I had looked at her with disbelief

"What? Why?"

"He's making an effort, Ava. Maybe we should hear him out once."

"You are kidding, right?, what possibly can justify what he did? He has fed you bullshit and you are going along with it. I don't know about you, but I'm never talking to that man in my life."

"You can't deny the fact that he's your father, you'll have to talk to him someday. And even if you aren't ready to talk to him right now at least try to be civil with him." she had looked at me with wide eyes, wanting me to understand.

"Do you really expect me to act like his dutiful daughter after what he has done to you? To us?" My voice rising a few octaves. I couldn't understand what she was trying to do.

"What was going in that head of yours, huh? Did you just magically forget that your husband a lying piece of filth that had been cheating on you for the last one year?" My voice had risen with every word I had spoken.

She had looked taken aback, like she couldn't believe that I had just said that.

In the six months that had passed, we had never talked about it, not even once. We continued with our lives like robots. Emotionally, I lost both of my parents that day. One left us to give us space we apparently needed because he had been cheating on his wife with an office colleague and the other was so traumatized with that knowledge that her eyes lost all the sparkle and warmth I had become used to seeing for the last seventeen years.

As the anger subsided gradually, I felt empty, hollow, like a huge void was forming in my heart and every passing minute, it became deeper and deeper.

I applied the brakes and the bicycle retarded with a drift. I lifted my head and stared at the night sky filled with stars. I was standing in the middle of the road, without any care of the world.
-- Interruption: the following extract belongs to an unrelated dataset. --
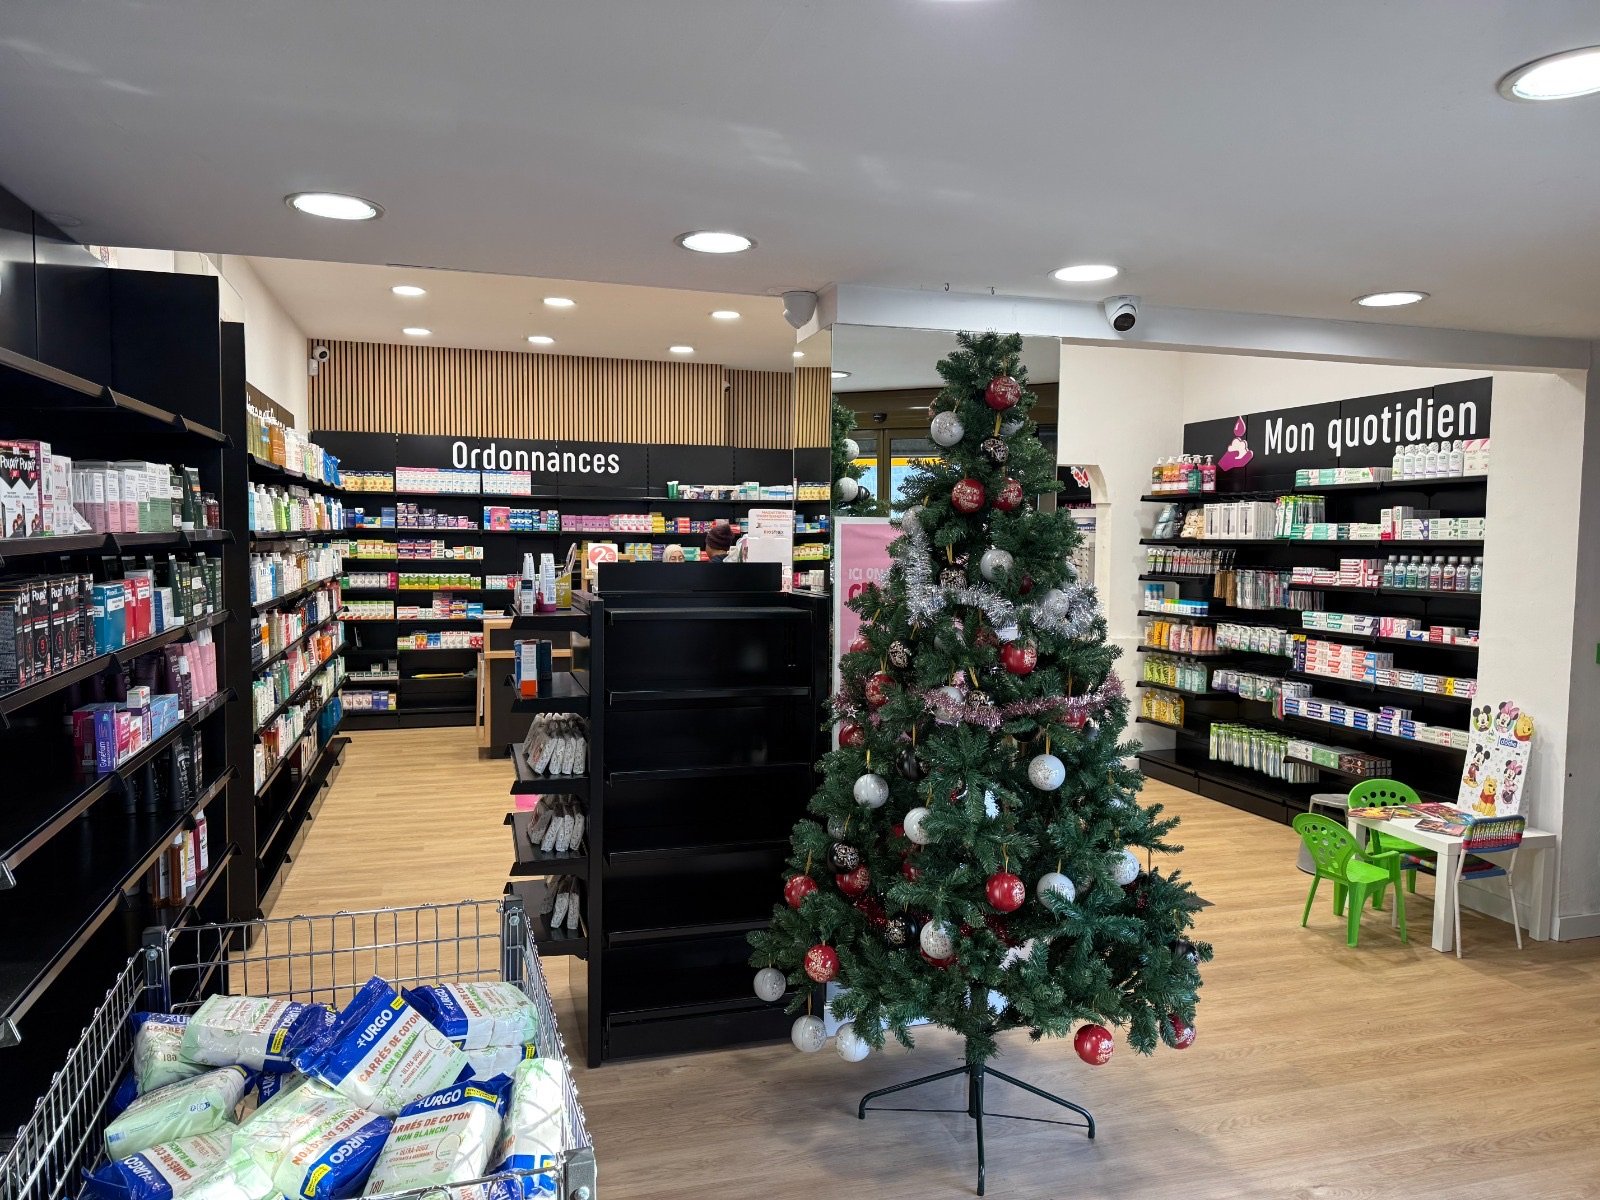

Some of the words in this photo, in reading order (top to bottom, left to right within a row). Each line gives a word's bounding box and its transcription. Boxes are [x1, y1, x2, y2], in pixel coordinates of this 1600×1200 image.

I closed my eyes and tried to travel to another land, away from the crumbling perfection of how my life was.

I imagine myself in a green valley, serene and quiet, the cool wind caressing my cheeks, the soft mud beneath my feet and almost for a moment, I forget how messed up everything has become.

After that everything happens in the blink of an eye, I hear the squealing of tires and the last thing I see is light, so bright and a car coming towards me and then I feel pain, excruciating pain before everything goes black.